Keywords
Denver shunt - pleurovenous shunt - hepatic hydrothorax - nonmalignant pleural effusion
- interventional radiology
The LeVeen shunt was introduced in 1974 as a device to shunt ascitic fluid into central
venous circulation through a unidirectional valve by exploiting elevated pressures
in the peritoneal cavity with respect to the superior vena cava.[1] Years later in 1979, the Denver shunt was introduced, which incorporated a subcutaneous
pump that could be manually compressed to facilitate passage of fluid against higher
pressures. The first described use of the Denver shunt for managing symptomatic pleural
effusion was published in 1980.[2] Currently, single-valve and bi-valve Denver shunt systems are commercially available
(BD CareFusion, San Diego, CA). The shunt system consists of the pump chamber, a 15.5-Fr
multi side-hole drainage catheter, and a single end-hole venous catheter. A smaller
11.5-Fr venous limb is also available and recommended for use if the subclavian vein
is accessed rather than the internal jugular.[3] The single-valve system is marketed as being more favorable for the drainage of
viscous fluid due to decreased obstruction to flow.[3] The bi-valve system allows patients to pump the shunt repeatedly without having
to compress the venous limb between pumps while the chamber refills.
Patient Selection
In the United States, pleural effusions affect over a million patients annually, with
many experiencing debilitating symptoms and poor quality of life.[4] Causes of recurrent, nonmalignant pleural effusion include congestive heart failure,
hepatic hydrothorax, chylothorax, hypoalbuminemia, nephrotic syndrome, and idiopathic
recurrent effusion, among others.[4]
[5] Cirrhotic patients with portal hypertension, ascites, and hepatic hydrothorax are
frequently encountered by interventional radiologists. Approximately 85% of hepatic
hydrothorax cases are right-sided and are thought to occur due to transgression of
ascitic fluid through small defects in the diaphragm, although other hypotheses have
also been postulated.[6] When refractory to medical therapy with dietary salt restriction and diuretic use,
therapeutic thoracentesis can be performed. Unfortunately, for many patients, this
only offers short-term benefit and must be repeated with variable frequency, with
risk of procedure-related complications at each visit. Transjugular intrahepatic portosystemic
shunt (TIPS) placement is often performed in cirrhotic patients with refractory ascites
or hydrothorax, although ultimately may be unsuccessful for a minority of patients.[7] While liver transplantation remains the only definitive treatment, surgical pleurodesis,
diaphragmatic repair, and pleuroperitoneal shunt placement have also been described
in the management of hepatic hydrothorax.[6]
[7]
[8]
[9]
[10]
For patients with medically refractory pleural effusion unrelated to cirrhosis, thoracentesis,
surgical pleurodesis, and pleurovenous shunt placement remain in the treatment paradigm.

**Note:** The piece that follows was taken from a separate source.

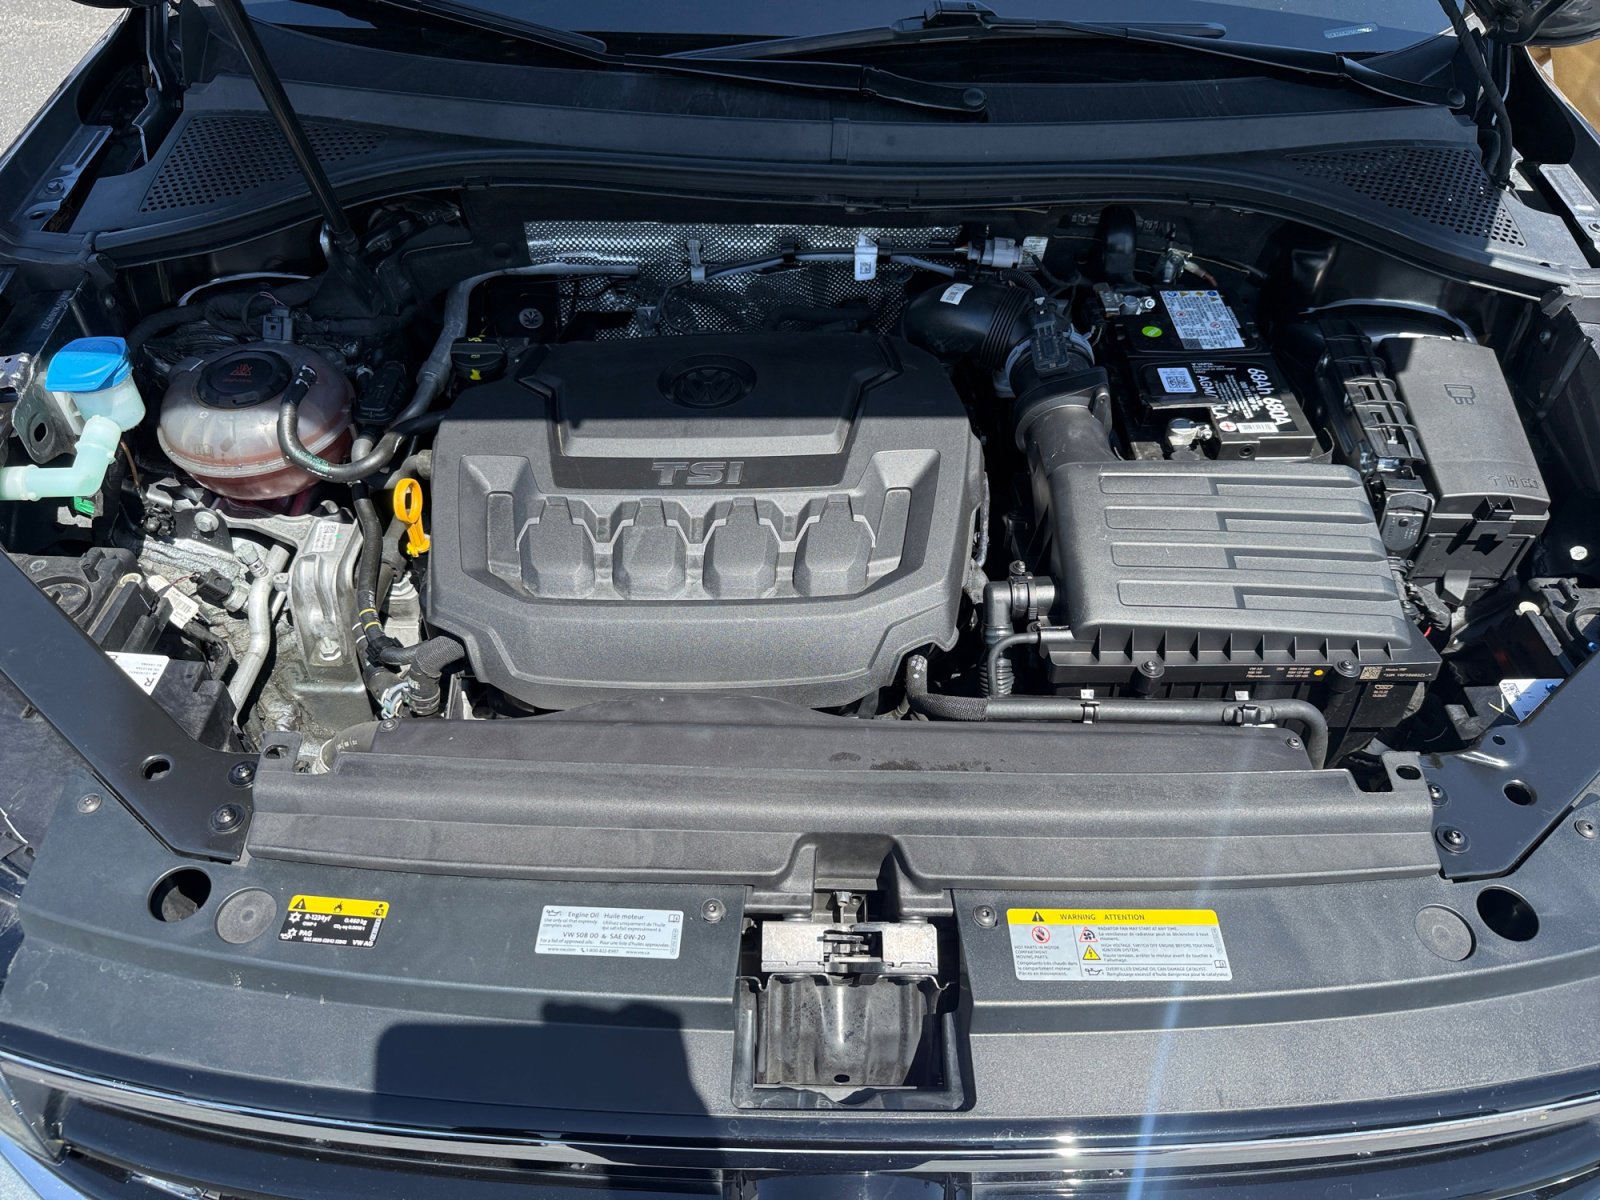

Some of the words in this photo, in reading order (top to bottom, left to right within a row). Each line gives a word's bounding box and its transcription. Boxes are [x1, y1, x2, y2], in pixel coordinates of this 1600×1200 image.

If life expectancy is limited, consideration should be given to placement of a tunneled,
valved pleural drainage catheter (PleurX, BD, Chicago, IL) for noncirrhotic patients
requiring frequent thoracentesis. These tunneled catheters provide the capability
to perform intermittent drainage, and function well for weeks to months following
placement.[11]
[12]
[13] Occasionally, placement can lead to spontaneous pleurodesis for some patients.[11]
[12]
[13] If the anticipated duration of therapy is greater than 6 months, indwelling tunneled
pleural catheters are less favored.[11]
[12]
[13] For the small subset of patients with good overall prognosis, but who are poor surgical
candidates, have failed or are not being considered for pleurodesis and/or TIPS placement,
or who are unable to maintain visits for frequent thoracenteses, pleurovenous Denver
shunt placement can be considered for palliation.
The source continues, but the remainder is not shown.